K. Lisa Yang Center for Conservation Bioacoustics, Cornell Lab of Ornithology, Cornell University, Ithaca, NY, USA.
Marine Mammal Institute, Department of Fisheries, Wildlife, and Conservation Sciences, Oregon State University, Corvallis, OR, USA.
J R Soc Interface. 2021 Jul;18(180):20210297. doi: 10.1098/rsif.2021.0297. Epub 2021 Jul 21.
Many animals rely on long-form communication, in the form of songs, for vital functions such as mate attraction and territorial defence. We explored the prospect of improving automatic recognition performance by using the temporal context inherent in song. The ability to accurately detect sequences of calls has implications for conservation and biological studies. We show that the performance of a convolutional neural network (CNN), designed to detect song notes (calls) in short-duration audio segments, can be improved by combining it with a recurrent network designed to process sequences of learned representations from the CNN on a longer time scale. The combined system of independently trained CNN and long short-term memory (LSTM) network models exploits the temporal patterns between song notes. We demonstrate the technique using recordings of fin whale () songs, which comprise patterned sequences of characteristic notes. We evaluated several variants of the CNN + LSTM network. Relative to the baseline CNN model, the CNN + LSTM models reduced performance variance, offering a 9-17% increase in area under the precision-recall curve and a 9-18% increase in peak F1-scores. These results show that the inclusion of temporal information may offer a valuable pathway for improving the automatic recognition and transcription of wildlife recordings.

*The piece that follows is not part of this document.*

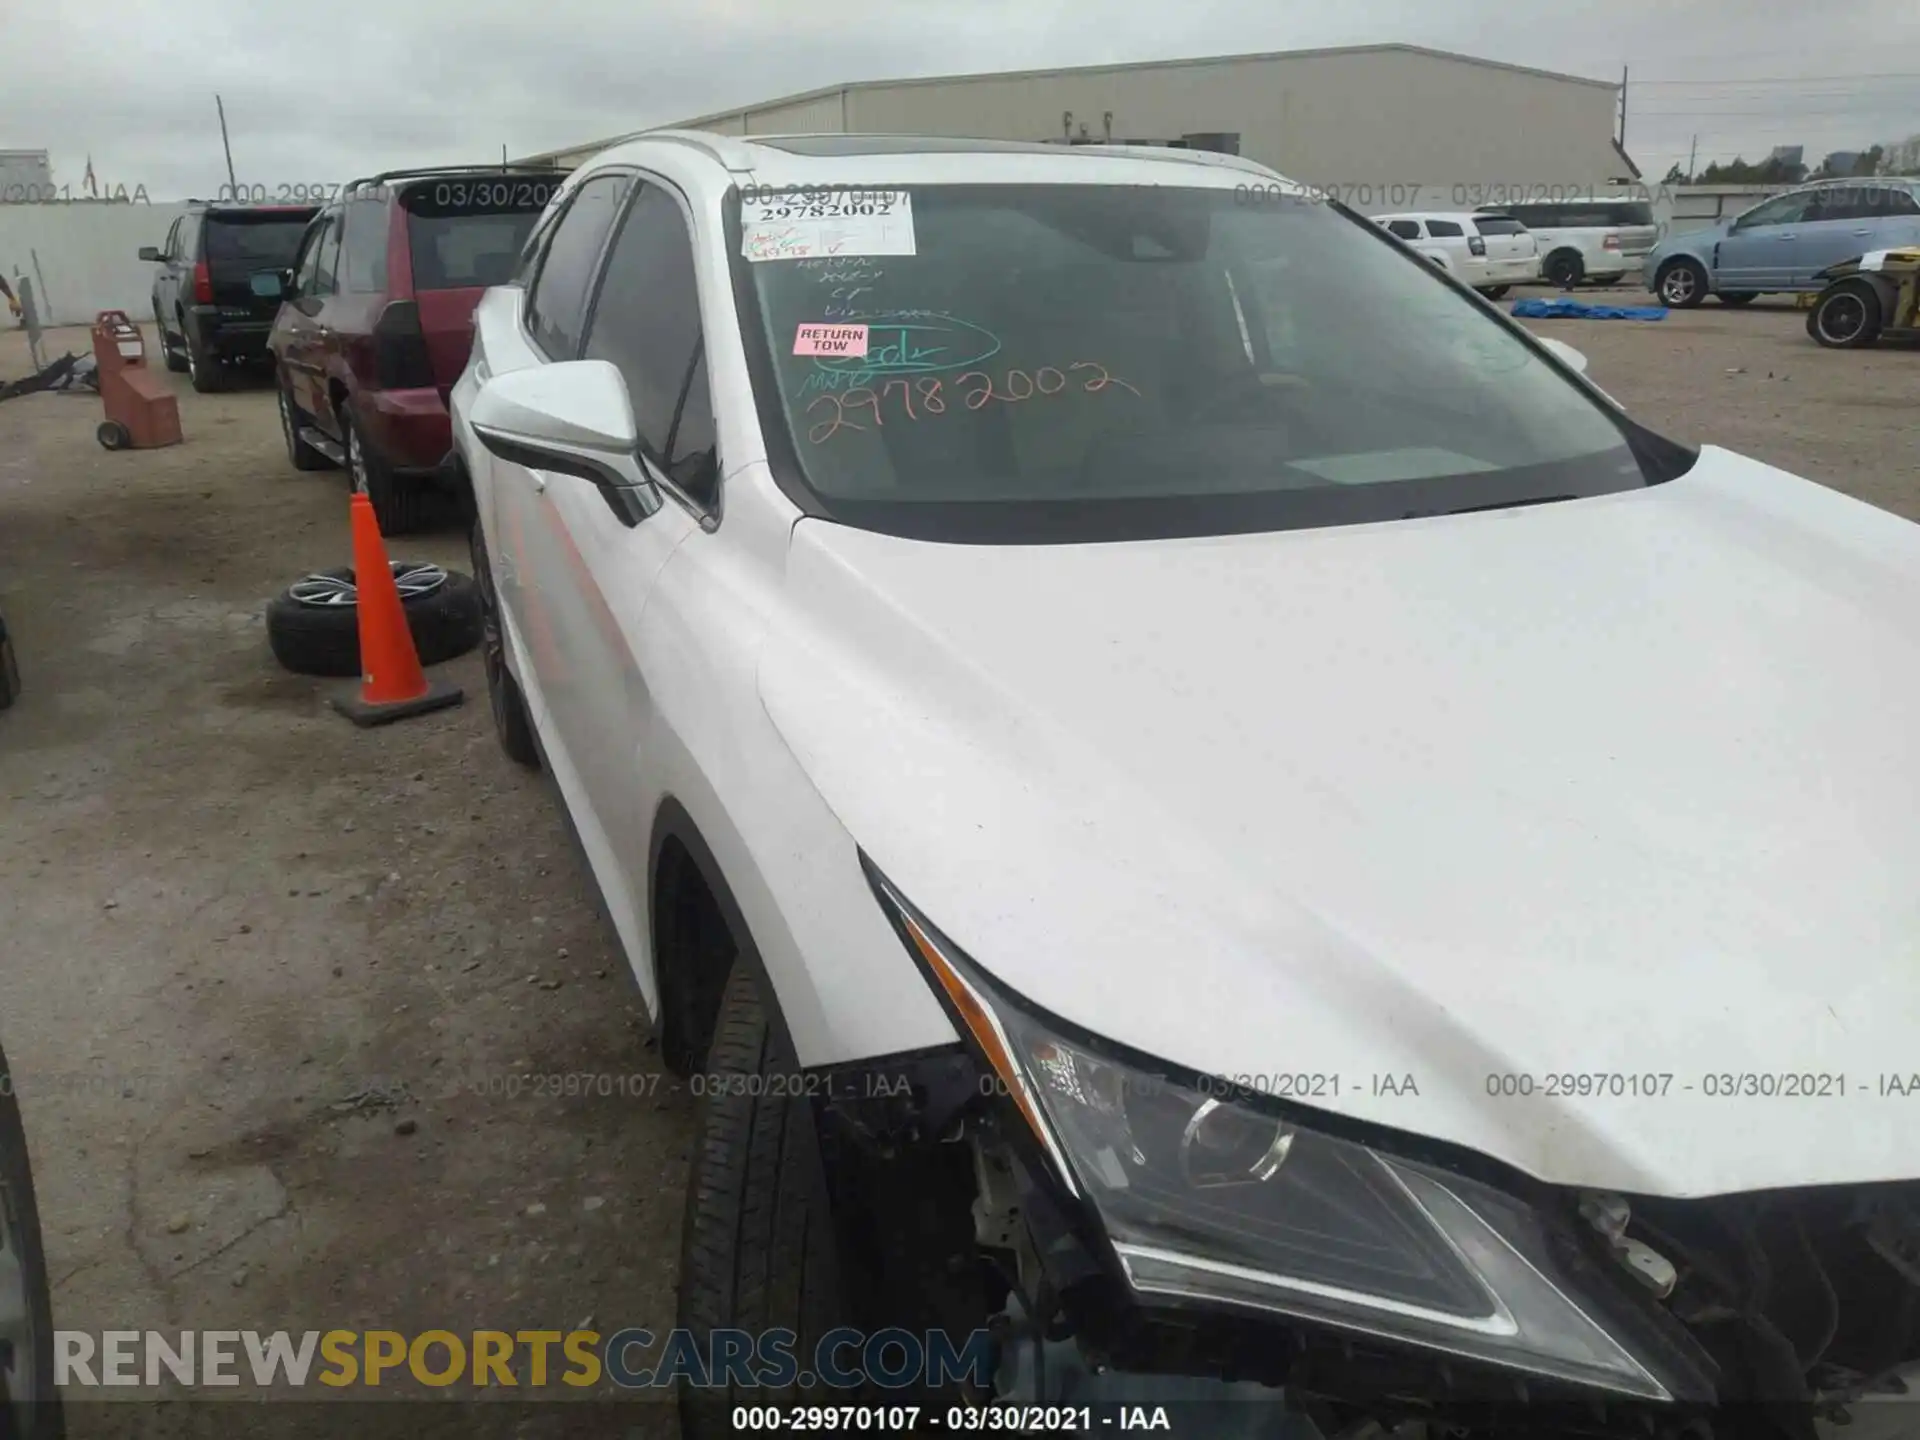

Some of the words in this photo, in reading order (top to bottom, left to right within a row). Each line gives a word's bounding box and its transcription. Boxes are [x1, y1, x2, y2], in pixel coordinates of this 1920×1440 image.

[760, 204, 891, 221] 29782002
[801, 328, 863, 340] RETURN
[813, 340, 848, 351] TOW

许多动物依赖于长形式的通讯,例如歌曲,以实现重要的功能,如吸引配偶和防御领地。我们探索了利用歌曲中固有的时间上下文来提高自动识别性能的可能性。准确检测呼叫序列的能力对保护和生物研究具有重要意义。我们表明,设计用于在短持续时间音频段中检测歌曲音符(呼叫)的卷积神经网络(CNN)的性能可以通过将其与循环网络相结合来提高,该网络旨在在更长的时间尺度上处理从 CNN 学习的表示序列。独立训练的 CNN 和长短时记忆 (LSTM) 网络模型的组合系统利用了歌曲音符之间的时间模式。我们使用长须鲸()歌曲的录音演示了该技术,其中包括特征音符的模式序列。我们评估了 CNN + LSTM 网络的几种变体。与基线 CNN 模型相比,CNN + LSTM 模型降低了性能方差,在精度-召回曲线下面积方面提高了 9-17%,在峰值 F1 得分方面提高了 9-18%。这些结果表明,包含时间信息可能为提高野生动物录音的自动识别和转录提供有价值的途径。